I never believed the money would be spent on NHS! That maybe because I am an ex NHS employee of 40 years , and would not trust any with it!


----------



## Northerner (Jun 9, 2016)

trophywench said:


> Thing that worries me overall though, is that every politician in every country of the world seems to be equally as crap as ours.
> 
> 29 countries are unanimously (it has to be unanimous!) in favour of investing billions of pounds (or Euros LOL) annually in something that does not have a set of rules in  place so that ordinary citizens can read them and see what they are, and has never in it's existence published a set of accounts or had a sodding Auditor.
> 
> ...


Unfortunately, I don't think there are any truly democratic structures anywhere in the world.
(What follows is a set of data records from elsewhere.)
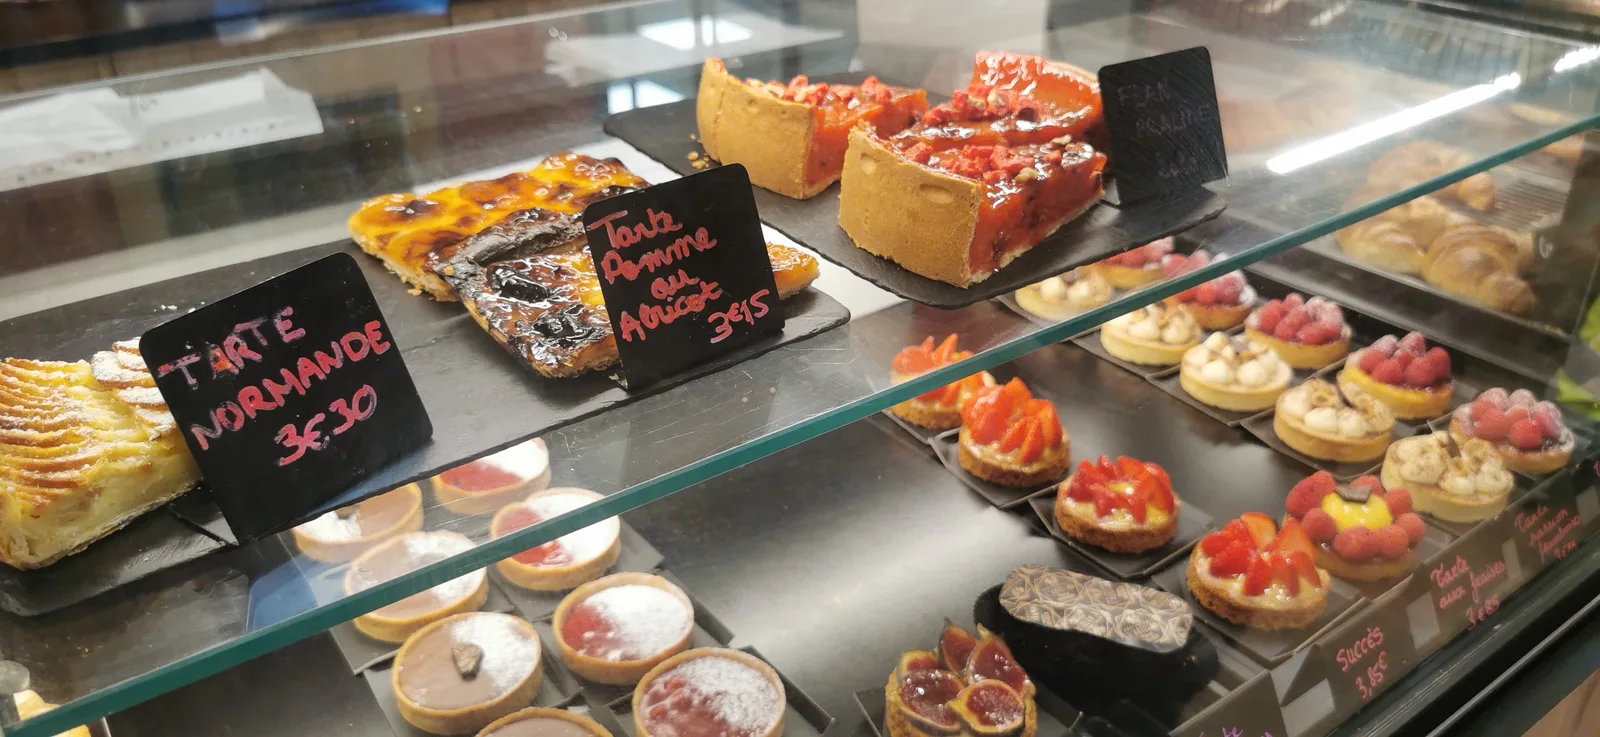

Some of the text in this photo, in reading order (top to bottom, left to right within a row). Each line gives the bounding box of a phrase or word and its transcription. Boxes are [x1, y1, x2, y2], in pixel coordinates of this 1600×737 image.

[586, 208, 683, 249] Tarte
[601, 226, 718, 284] Pomme
[619, 281, 724, 342] Abricot
[708, 289, 770, 344] 3€15
[157, 306, 305, 390] TARTE
[188, 319, 391, 451] NORMANDE
[1336, 626, 1384, 672] Succès
Let's not forget that in our own country the 'majority' government did not get a majority of the votes, and in the current case were elected thanks to the support of a handful of obscenely rich individuals and their bottomless pockets (thanks to their secretive tax-haven business practices!).

The EU is far from perfect, but preferable to the Tory right and UKIP. Not forgetting either that, had this been a vote by our elected parliament, it would be overwhelmingly in favour of remain. I thought this piece by David Mitchell was very good:

http://www.theguardian.com/commenti...rliament-leaders-david-cameron-david-mitchell


----------



## HOBIE (Jun 9, 2016)

Can anybody remember "British Kite Mark"   Everything that was made in uk had one !   I don't want something made in the check rep or others.   Made in uk was all over the world at one time


----------



## Northerner (Jun 10, 2016)

HOBIE said:


> Can anybody remember "British Kite Mark"   Everything that was made in uk had one !   I don't want something made in the check rep or others.   Made in uk was all over the world at one time


You might not have any choice these days Hobie:

http://www.bbc.co.uk/news/uk-21024336


----------



## Maz2 (Jun 10, 2016)

Never was convinced by the "money would be spent on the NHS" argument.  Yes, the leavers are mostly UKIP and right wing Conservatives who want to get rid of the NHS anyway and will only give the money to richer people.  I saw a programme which I recorded a few weeks ago with Robert Peston as presenter and he was talking about Switzerland who are a member of the European Free Trade Area which we will have to join if we leave.  They have no control over their borders as they have to agree with free movement to join the EFTA.  They also have no say in the running of the EU.  I don't care for the EU personally but it does concern me that the "leavers" are all saying what will happen when we leave when, in truth, no one actually knows as no country has done it. I would prefer to stay in personally as at least we know what the future holds.


----------



## jusme (Jun 10, 2016)

Nobody knows what the future holds whether you vote remain or leave we will all just have to accept what ever the majority of the UK has taken the time and the trouble to go and vote for.

jusme


----------



## trophywench (Jun 10, 2016)

"Damned if we do and damned if we don't" is a phrase that springs to mind !

If, in past times 'fishes flew, forests walked, figs grew upon thorn and the moon was blood' - how do we know the same couldn't happen again!?


----------



## Martin Canty (Jun 10, 2016)

You guys are in a quandary, I can see the arguments for & against, to be honest I am on the fence as I can't see any clear answer either way.... However I have lost the right to vote so don't actually have a say, just an opinion!


----------



## Austin Mini (Jun 10, 2016)

Martin Canty said:


> You guys are in a quandary, I can see the arguments for & against, to be honest I am on the fence as I can't see any clear answer either way.... However I have lost the right to vote so don't actually have a say, just an opinion!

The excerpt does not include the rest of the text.